The two regional titans, locked in proxy wars in Syria and in Saudi Arabia's southern neighbour Yemen, also back opposing parties in Iraq and Lebanon.

The summit begins 24 hours after the United States, France and Britain launched controversial air strikes in war-torn Syria in response to a reported regime chemical attack on the decimated rebel enclave of Eastern Ghouta last week.

Summits of the Arab League, established in 1945, rarely result in action.

The last time the bloc made a concrete move was in 2011, when it suspended Syria's membership over the Assad regime's role in the war.

Syria remains suspended from the organisation.

Saudi Arabia's King Salman will chair Sunday's summit in the eastern city of Dhahran, home to Saudi Arabia's oil giant Aramco and 160 kilometres (100 miles) across the Gulf from Iran.

Saudi Arabia is pushing for a tough, unified stance against its regional arch-rival Iran at the annual gathering

Syria's war, the most complex of the region's conflicts, is the main point of contention pitting Riyadh and its allies, who mainly back Sunni rebels, against regime backer Iran and its Lebanese ally Hizballah.

Saudi Arabia on Saturday declared its full support for US-led air raids on Syria, which the Pentagon said had "successfully hit every target".

Qatar, which has confirmed it will attend the summit, also backed the strikes.

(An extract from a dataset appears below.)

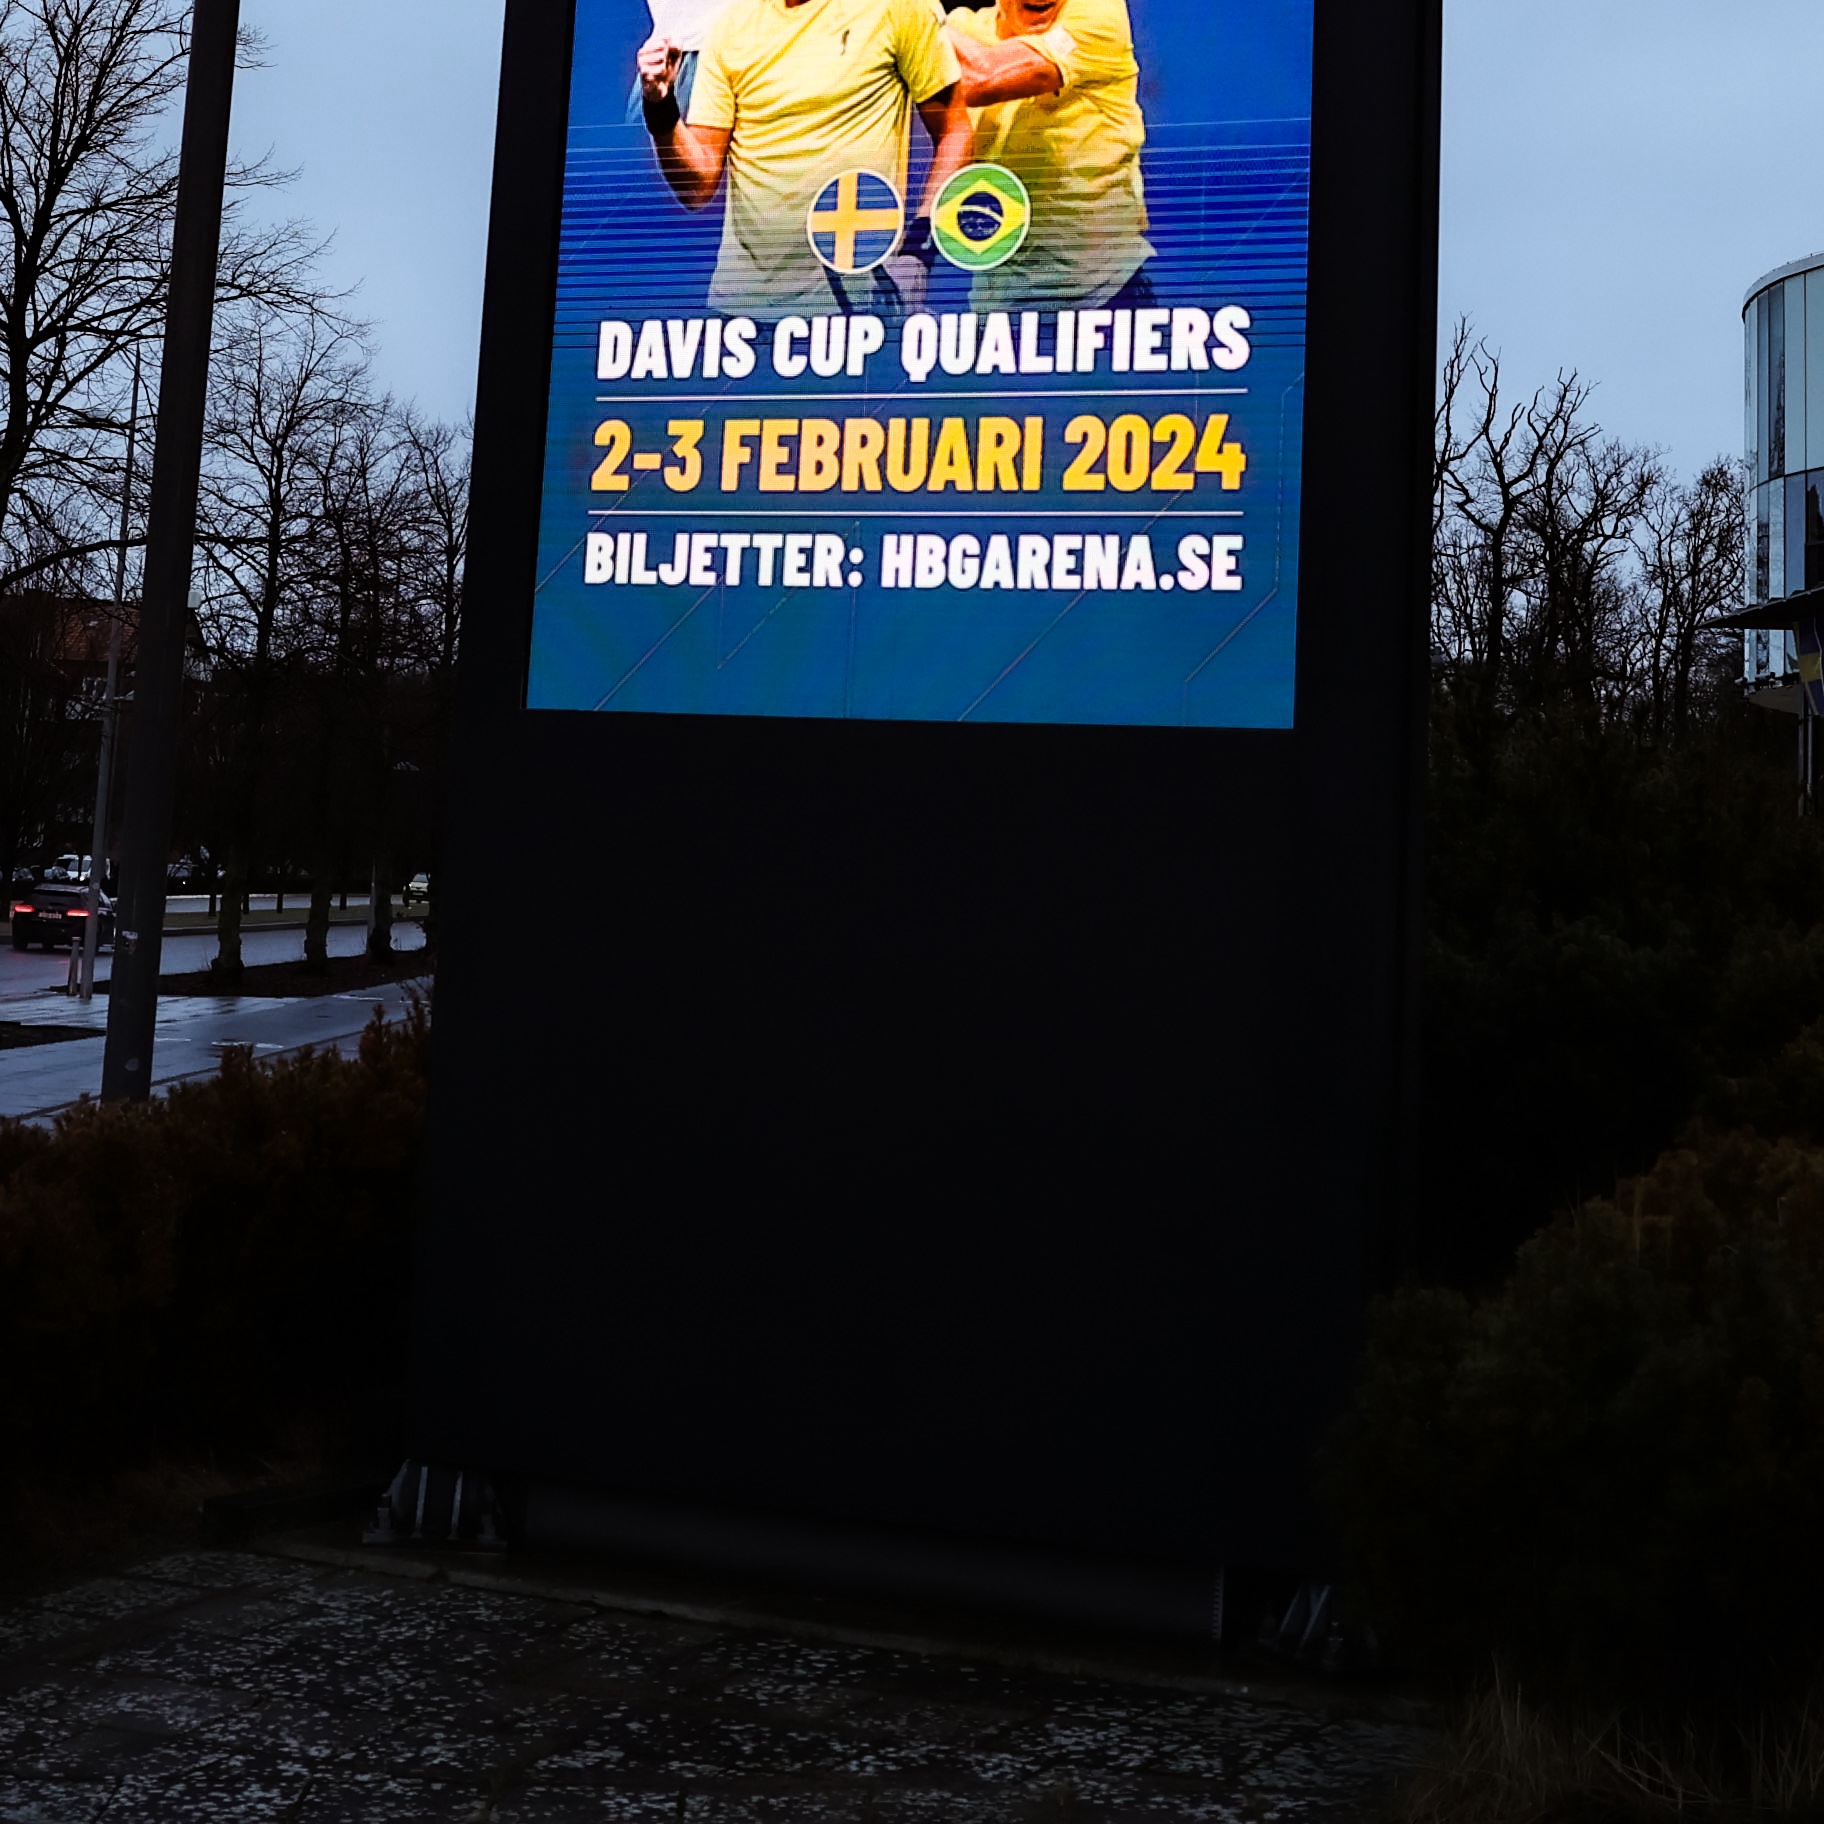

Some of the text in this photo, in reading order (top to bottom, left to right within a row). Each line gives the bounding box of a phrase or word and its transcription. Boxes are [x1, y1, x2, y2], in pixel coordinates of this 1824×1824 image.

[596, 305, 1251, 382] DAVIS CUP QUALIFIERS
[590, 413, 1247, 492] 2-3 FEBRUARI 2024
[584, 531, 1244, 591] BILJETTER: HBGARENA.SE

Its foreign ministry tweeted support for "operations against specific military targets used by Syrian regime in its chemical attacks".

Gulf Arab states have made massive donations to Syria but have not officially offered asylum to Syrians.

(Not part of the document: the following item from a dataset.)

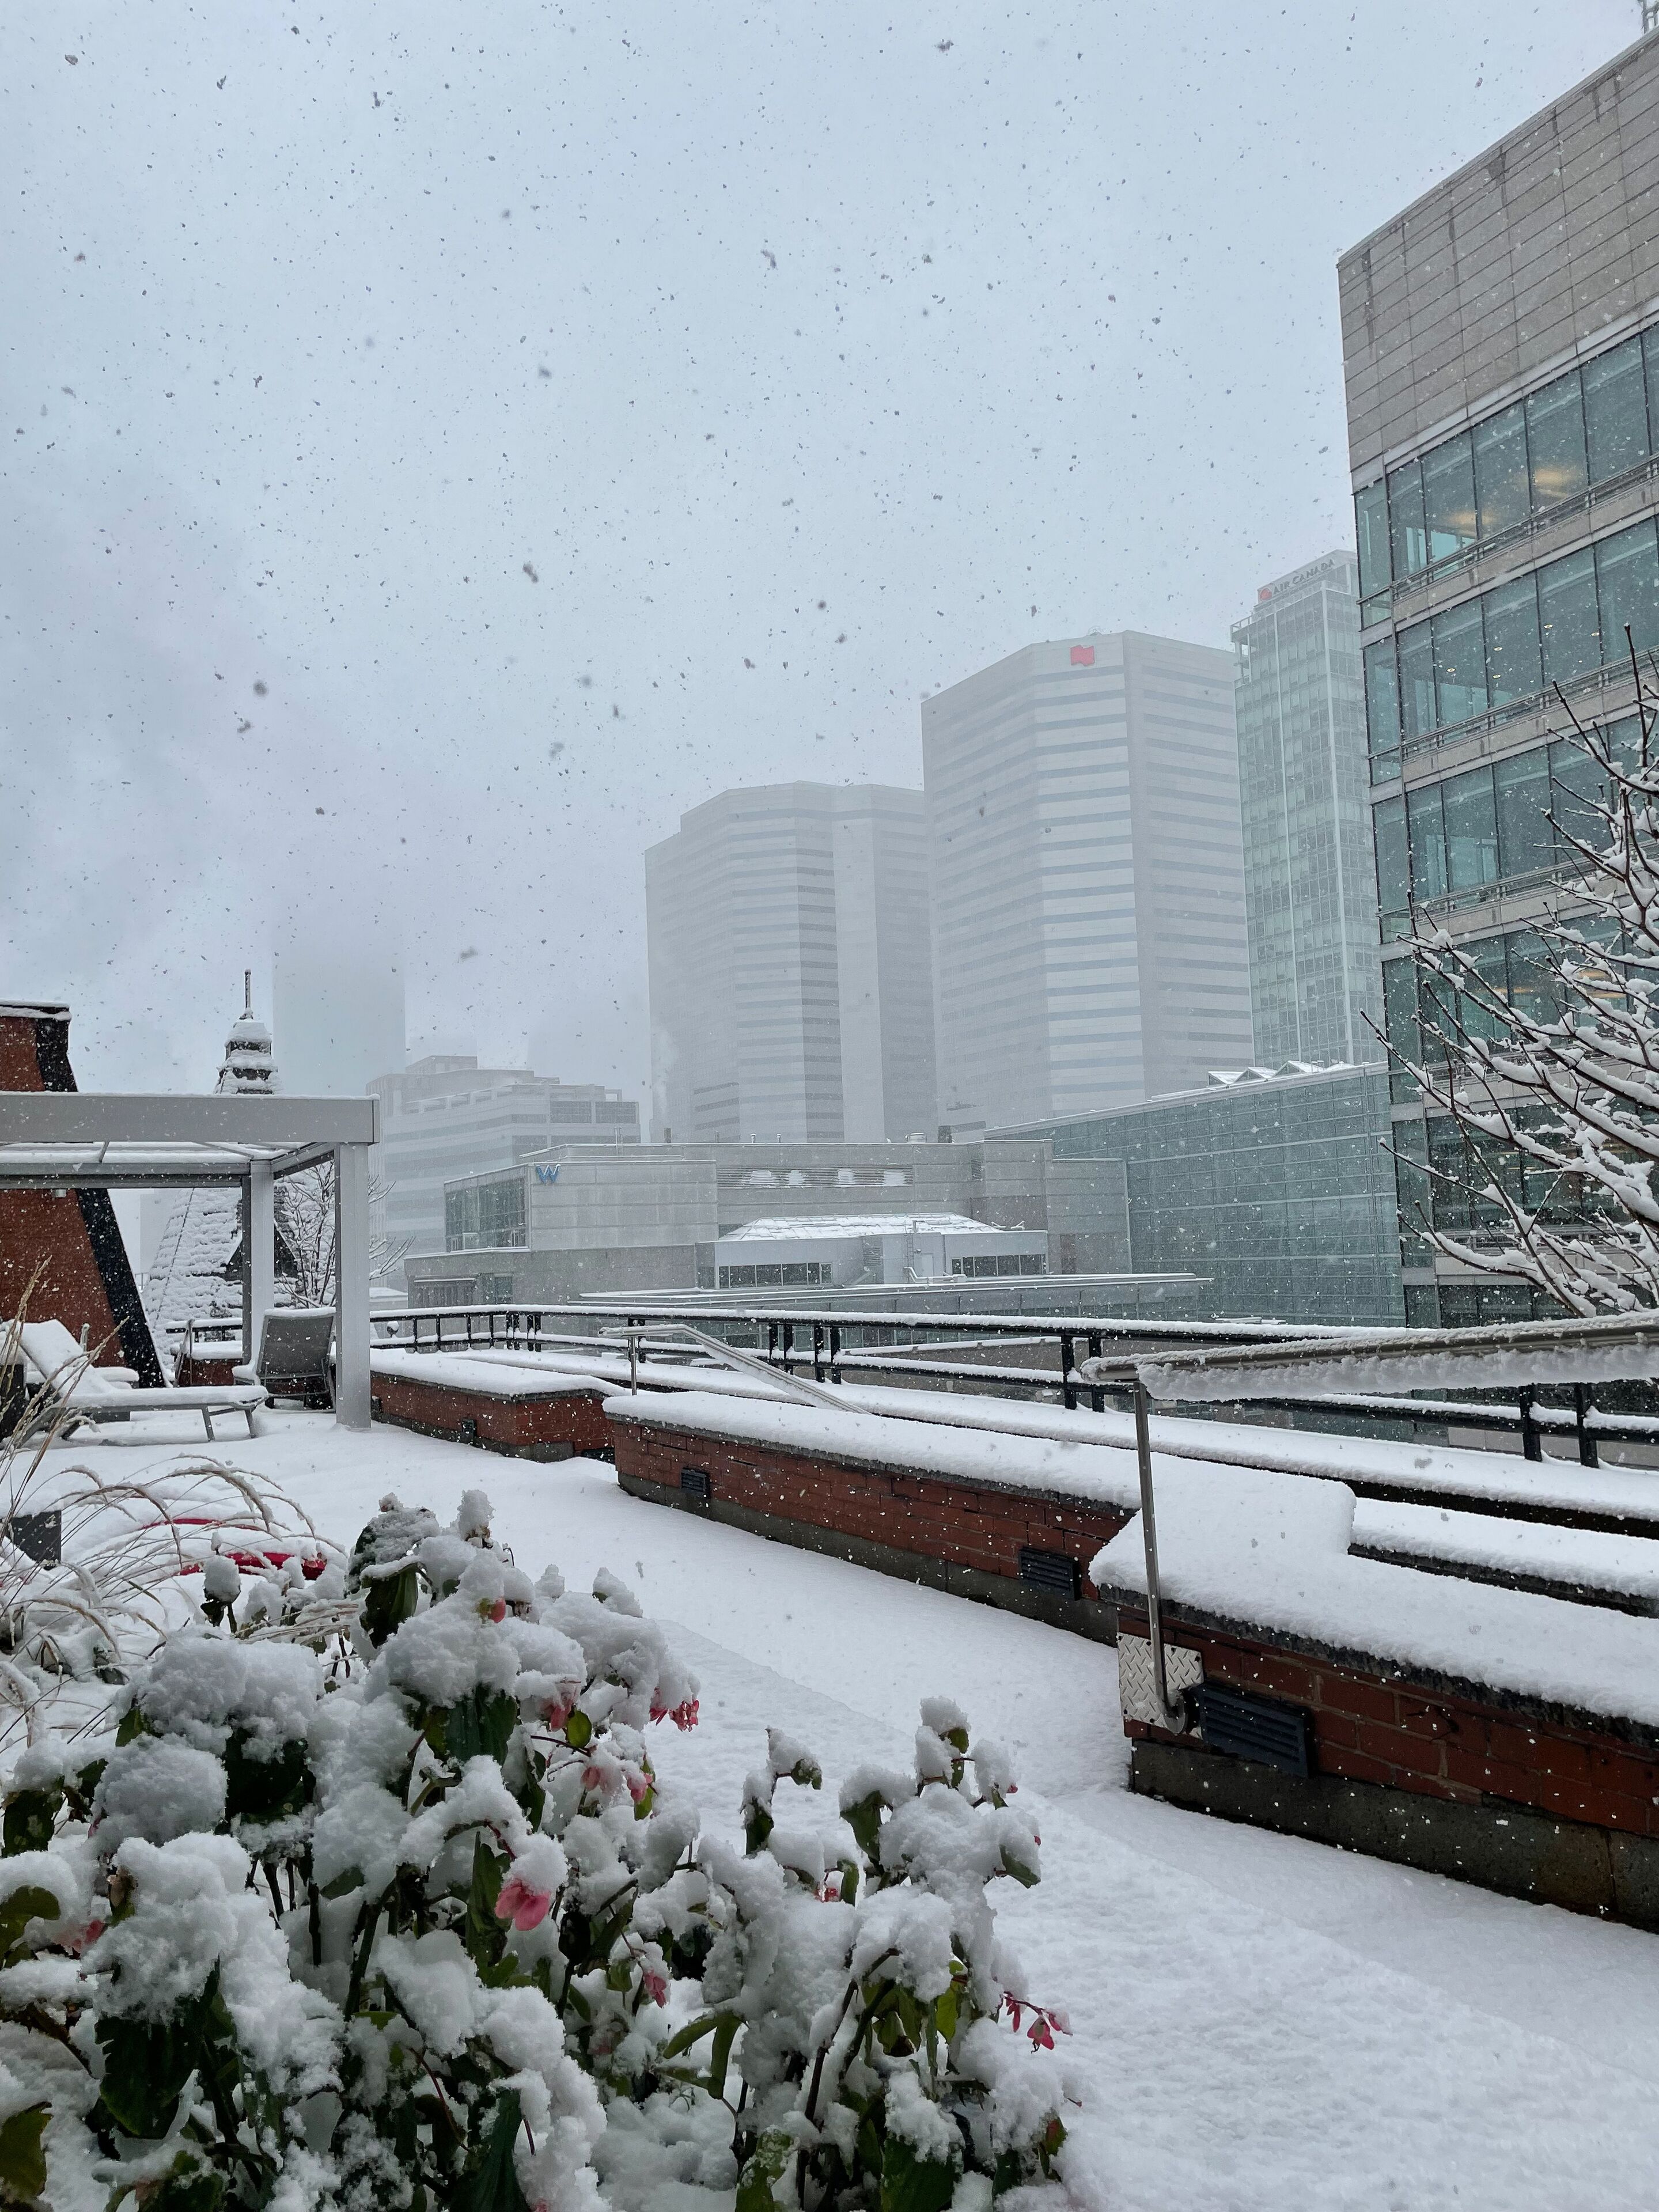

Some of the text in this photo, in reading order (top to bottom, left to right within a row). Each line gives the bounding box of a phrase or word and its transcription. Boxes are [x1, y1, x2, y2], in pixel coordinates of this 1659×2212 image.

[1274, 559, 1335, 594] AIR CANADA
[535, 1164, 561, 1184] W

Despite widespread Arab condemnation of the suspected chemical attack, the Dhahran summit is unlikely to call for Assad to step down.

Seven years into a war that has claimed hundreds of thousands of lives, Saudi Arabia and Iran now agree that the country's future cannot be decided solely by the Assad regime, whose troops have regained the upper hand with massive support from Russia.

Saudi Arabia's powerful Crown Prince Mohammed bin Salman, 32-year-old son of the king and de facto ruler of the world's largest exporter of oil, has said Assad will stay.